* DATA FOR ANALYSIS *

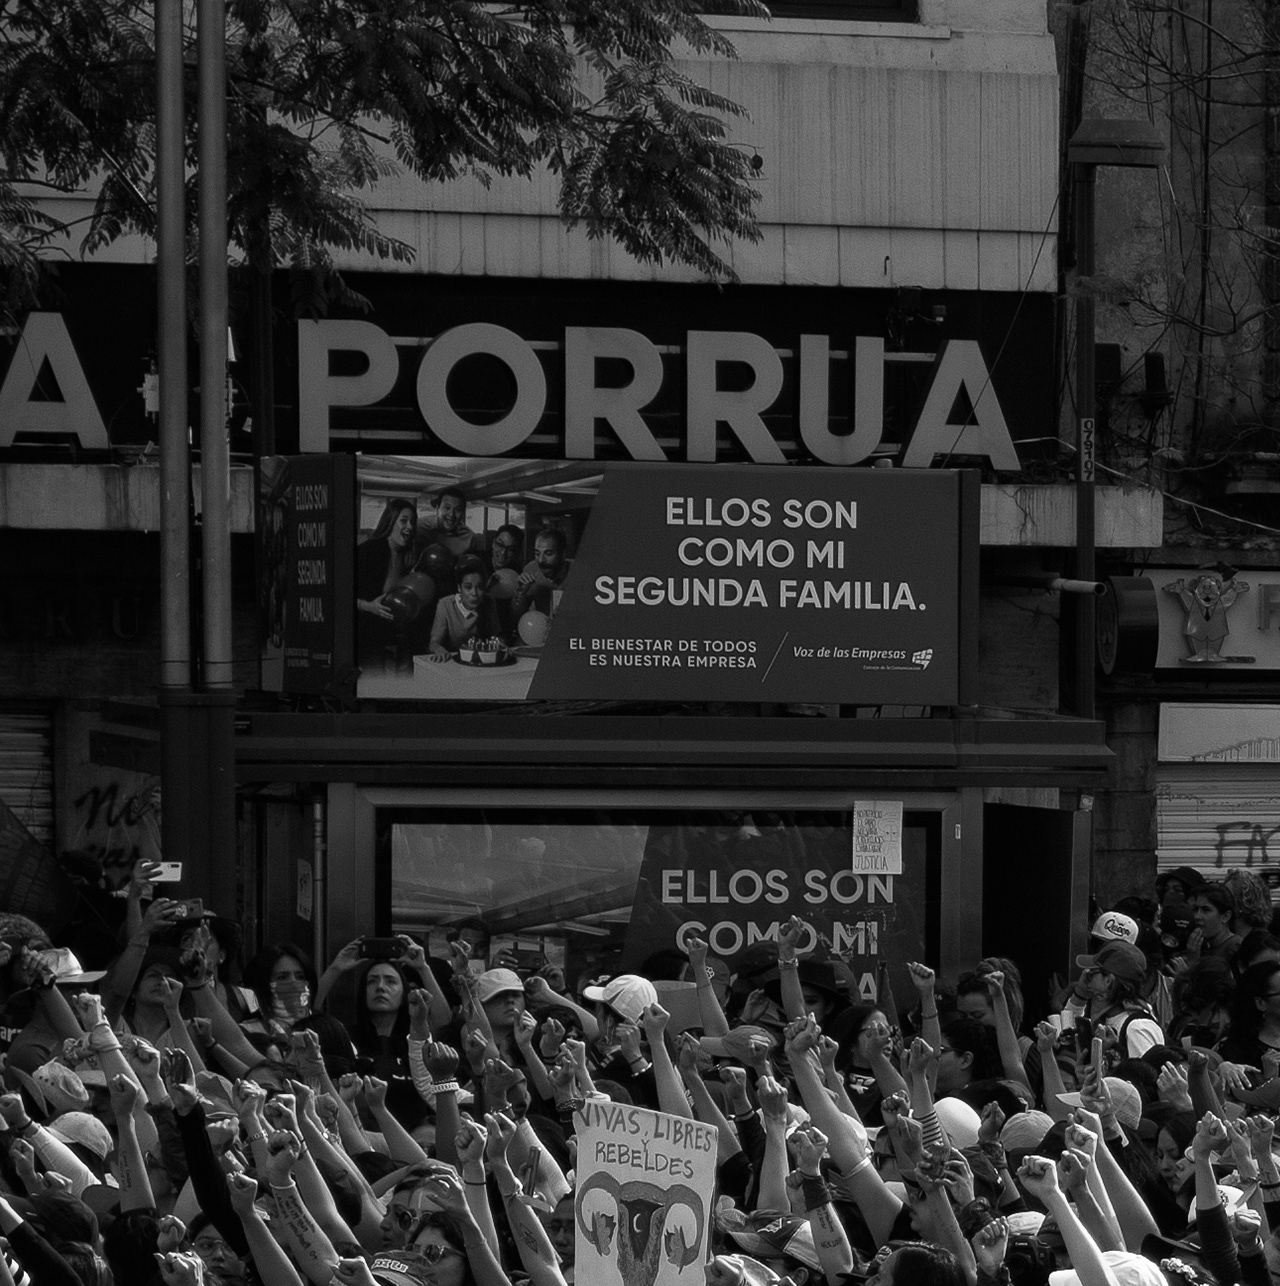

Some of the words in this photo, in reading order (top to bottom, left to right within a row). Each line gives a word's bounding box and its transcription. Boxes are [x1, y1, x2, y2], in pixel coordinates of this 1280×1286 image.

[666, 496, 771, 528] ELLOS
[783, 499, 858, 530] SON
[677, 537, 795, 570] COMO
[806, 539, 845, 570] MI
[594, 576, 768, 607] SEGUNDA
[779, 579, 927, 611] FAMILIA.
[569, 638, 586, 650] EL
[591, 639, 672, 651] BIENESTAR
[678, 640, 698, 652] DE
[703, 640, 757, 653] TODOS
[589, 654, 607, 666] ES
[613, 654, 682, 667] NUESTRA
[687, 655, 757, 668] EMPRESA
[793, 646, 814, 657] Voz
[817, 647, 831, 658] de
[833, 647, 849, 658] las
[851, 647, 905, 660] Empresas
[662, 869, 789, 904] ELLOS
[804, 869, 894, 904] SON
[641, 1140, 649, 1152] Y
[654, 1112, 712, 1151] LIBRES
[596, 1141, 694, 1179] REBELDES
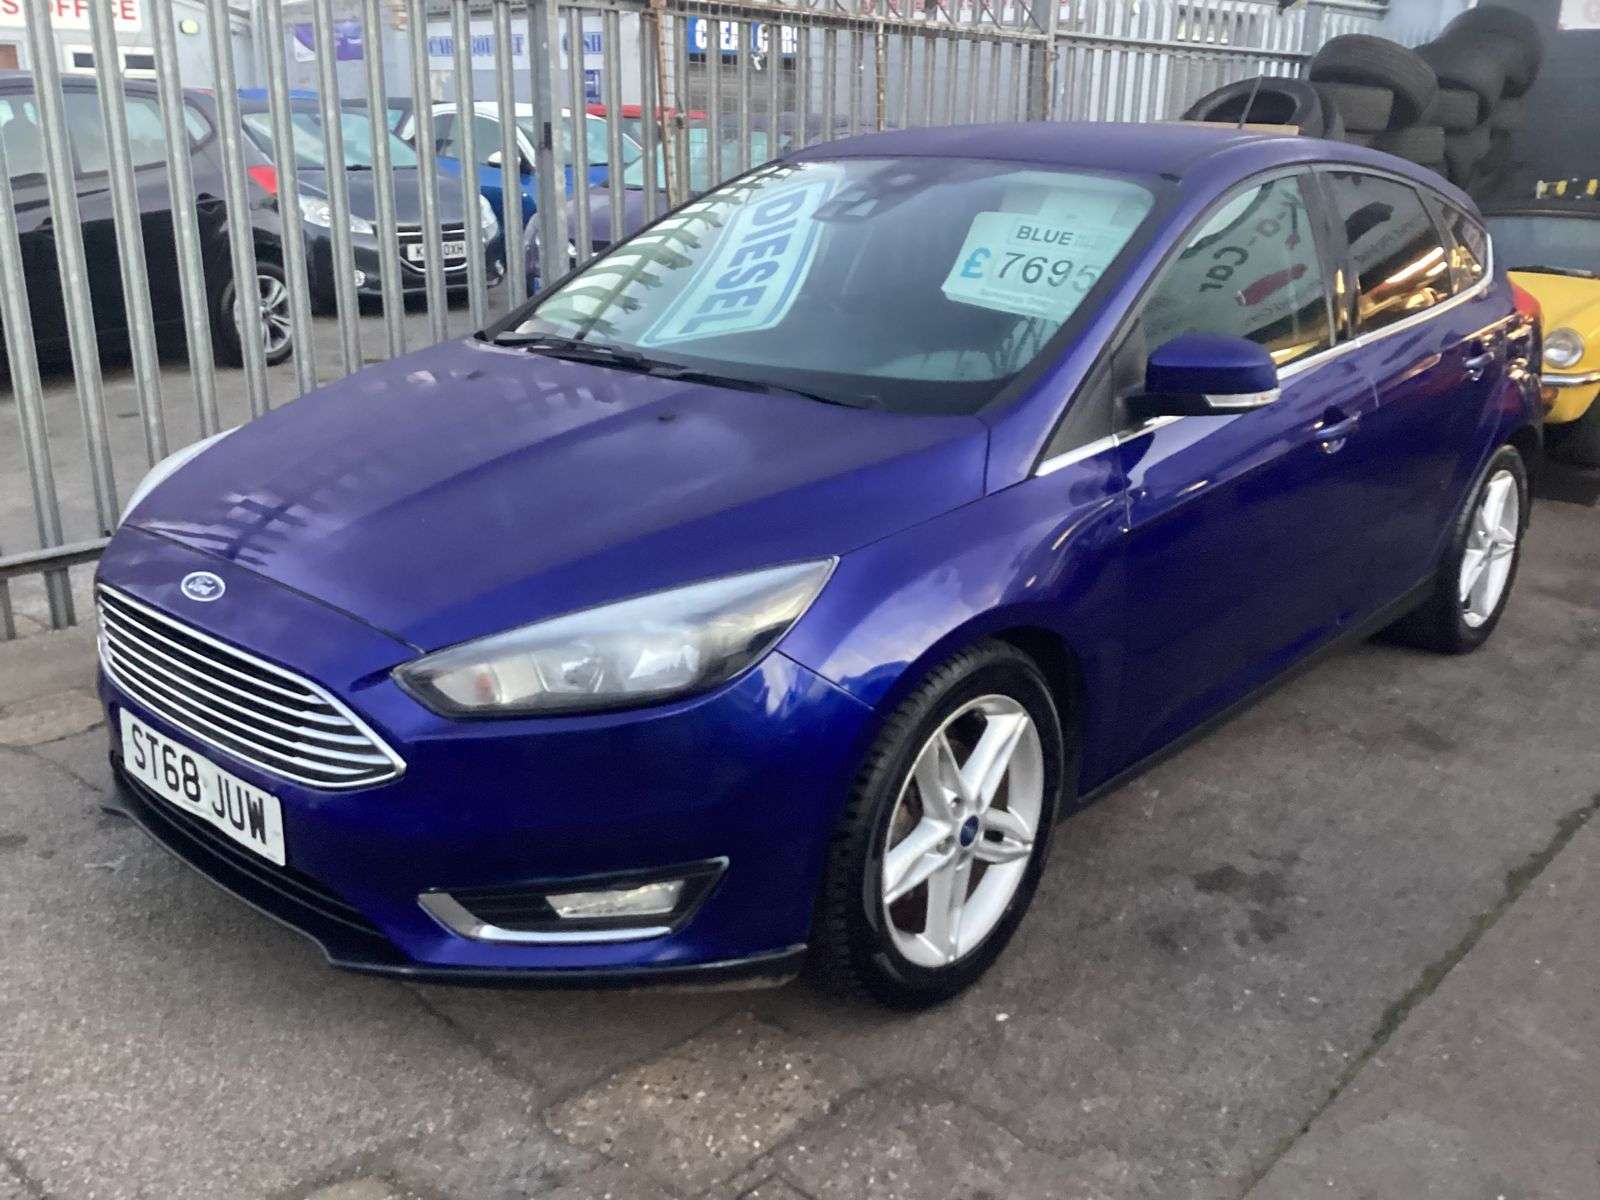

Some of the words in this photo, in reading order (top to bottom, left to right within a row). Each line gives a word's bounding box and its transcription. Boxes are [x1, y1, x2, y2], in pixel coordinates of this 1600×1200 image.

* WHAT TO PRODUCE *
Could you output the listing word for word, omitting every picture?

* ANSWER BOX *
Some of the words in this photo, in reading order (top to bottom, left to right within a row). Each line gives a word's bounding box and its transcription. Boxes are [x1, y1, x2, y2], in pixel coordinates of this 1280×1286 image.

[666, 496, 771, 528] ELLOS
[783, 499, 858, 530] SON
[677, 537, 795, 570] COMO
[806, 539, 845, 570] MI
[594, 576, 768, 607] SEGUNDA
[779, 579, 927, 611] FAMILIA.
[569, 638, 586, 650] EL
[591, 639, 672, 651] BIENESTAR
[678, 640, 698, 652] DE
[703, 640, 757, 653] TODOS
[589, 654, 607, 666] ES
[613, 654, 682, 667] NUESTRA
[687, 655, 757, 668] EMPRESA
[793, 646, 814, 657] Voz
[817, 647, 831, 658] de
[833, 647, 849, 658] las
[851, 647, 905, 660] Empresas
[662, 869, 789, 904] ELLOS
[804, 869, 894, 904] SON
[641, 1140, 649, 1152] Y
[654, 1112, 712, 1151] LIBRES
[596, 1141, 694, 1179] REBELDES

Some of the words in this photo, in reading order (top to bottom, left to right within a row). Each line gives a word's bounding box and its transcription. Boxes are [x1, y1, x2, y2], in pixel coordinates of this 1600×1200 image.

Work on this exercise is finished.